### TASK
Go through the listing below from the line containing "this 2048×1536 image." to its last line, retyping each line exactly and nothing else.

SUPPLIED MATERIAL START

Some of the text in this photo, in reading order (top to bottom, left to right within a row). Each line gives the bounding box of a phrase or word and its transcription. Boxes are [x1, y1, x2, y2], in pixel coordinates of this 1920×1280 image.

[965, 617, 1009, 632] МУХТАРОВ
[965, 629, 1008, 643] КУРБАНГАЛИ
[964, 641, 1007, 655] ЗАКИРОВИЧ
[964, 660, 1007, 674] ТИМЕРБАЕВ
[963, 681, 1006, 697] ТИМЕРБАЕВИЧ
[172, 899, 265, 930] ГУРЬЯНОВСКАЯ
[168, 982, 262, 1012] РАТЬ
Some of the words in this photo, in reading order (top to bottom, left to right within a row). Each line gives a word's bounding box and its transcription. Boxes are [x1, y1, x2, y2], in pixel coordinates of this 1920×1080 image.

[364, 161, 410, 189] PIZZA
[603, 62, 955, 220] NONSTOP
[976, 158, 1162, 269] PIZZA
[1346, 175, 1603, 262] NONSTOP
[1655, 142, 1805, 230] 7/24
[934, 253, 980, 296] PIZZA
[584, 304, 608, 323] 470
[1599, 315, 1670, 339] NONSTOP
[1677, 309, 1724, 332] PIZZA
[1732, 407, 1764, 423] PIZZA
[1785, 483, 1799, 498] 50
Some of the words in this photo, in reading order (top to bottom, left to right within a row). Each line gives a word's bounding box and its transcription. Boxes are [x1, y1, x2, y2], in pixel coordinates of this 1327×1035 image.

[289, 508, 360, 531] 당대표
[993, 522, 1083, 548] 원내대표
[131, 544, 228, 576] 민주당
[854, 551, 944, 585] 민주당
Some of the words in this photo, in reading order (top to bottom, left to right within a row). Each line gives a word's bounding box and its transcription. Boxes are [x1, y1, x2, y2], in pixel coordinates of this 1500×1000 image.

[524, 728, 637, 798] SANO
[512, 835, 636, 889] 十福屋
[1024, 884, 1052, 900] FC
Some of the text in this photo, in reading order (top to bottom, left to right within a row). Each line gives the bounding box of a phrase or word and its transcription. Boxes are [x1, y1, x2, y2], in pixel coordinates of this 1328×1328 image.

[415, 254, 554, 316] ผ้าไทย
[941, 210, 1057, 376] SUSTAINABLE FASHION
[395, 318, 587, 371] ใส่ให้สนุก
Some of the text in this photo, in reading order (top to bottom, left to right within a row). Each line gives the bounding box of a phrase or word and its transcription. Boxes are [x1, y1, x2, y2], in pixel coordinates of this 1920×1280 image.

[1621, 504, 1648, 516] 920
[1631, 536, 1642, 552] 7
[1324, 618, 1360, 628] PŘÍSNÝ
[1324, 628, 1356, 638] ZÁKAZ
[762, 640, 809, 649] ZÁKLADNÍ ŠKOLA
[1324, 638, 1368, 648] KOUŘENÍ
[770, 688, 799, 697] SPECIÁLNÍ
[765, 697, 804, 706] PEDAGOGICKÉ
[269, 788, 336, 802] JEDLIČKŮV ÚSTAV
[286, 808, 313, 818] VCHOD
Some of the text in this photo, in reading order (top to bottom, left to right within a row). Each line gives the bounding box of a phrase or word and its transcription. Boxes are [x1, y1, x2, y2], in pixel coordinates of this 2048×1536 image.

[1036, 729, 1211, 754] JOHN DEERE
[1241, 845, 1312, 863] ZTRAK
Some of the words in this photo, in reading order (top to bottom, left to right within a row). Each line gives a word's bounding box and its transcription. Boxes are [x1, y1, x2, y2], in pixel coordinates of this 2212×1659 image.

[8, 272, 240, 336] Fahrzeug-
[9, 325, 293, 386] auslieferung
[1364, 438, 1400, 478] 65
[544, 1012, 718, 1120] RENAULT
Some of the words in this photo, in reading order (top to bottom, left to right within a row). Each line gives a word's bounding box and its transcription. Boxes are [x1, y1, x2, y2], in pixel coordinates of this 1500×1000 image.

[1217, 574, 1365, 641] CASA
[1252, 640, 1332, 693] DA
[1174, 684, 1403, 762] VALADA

SUPPLIED MATERIAL END

### TASK ANSWER
Some of the text in this photo, in reading order (top to bottom, left to right within a row). Each line gives the bounding box of a phrase or word and its transcription. Boxes are [x1, y1, x2, y2], in pixel coordinates of this 2048×1536 image.

[1036, 729, 1211, 754] JOHN DEERE
[1241, 845, 1312, 863] ZTRAK
Some of the words in this photo, in reading order (top to bottom, left to right within a row). Each line gives a word's bounding box and its transcription. Boxes are [x1, y1, x2, y2], in pixel coordinates of this 2212×1659 image.

[8, 272, 240, 336] Fahrzeug-
[9, 325, 293, 386] auslieferung
[1364, 438, 1400, 478] 65
[544, 1012, 718, 1120] RENAULT
Some of the words in this photo, in reading order (top to bottom, left to right within a row). Each line gives a word's bounding box and its transcription. Boxes are [x1, y1, x2, y2], in pixel coordinates of this 1500×1000 image.

[1217, 574, 1365, 641] CASA
[1252, 640, 1332, 693] DA
[1174, 684, 1403, 762] VALADA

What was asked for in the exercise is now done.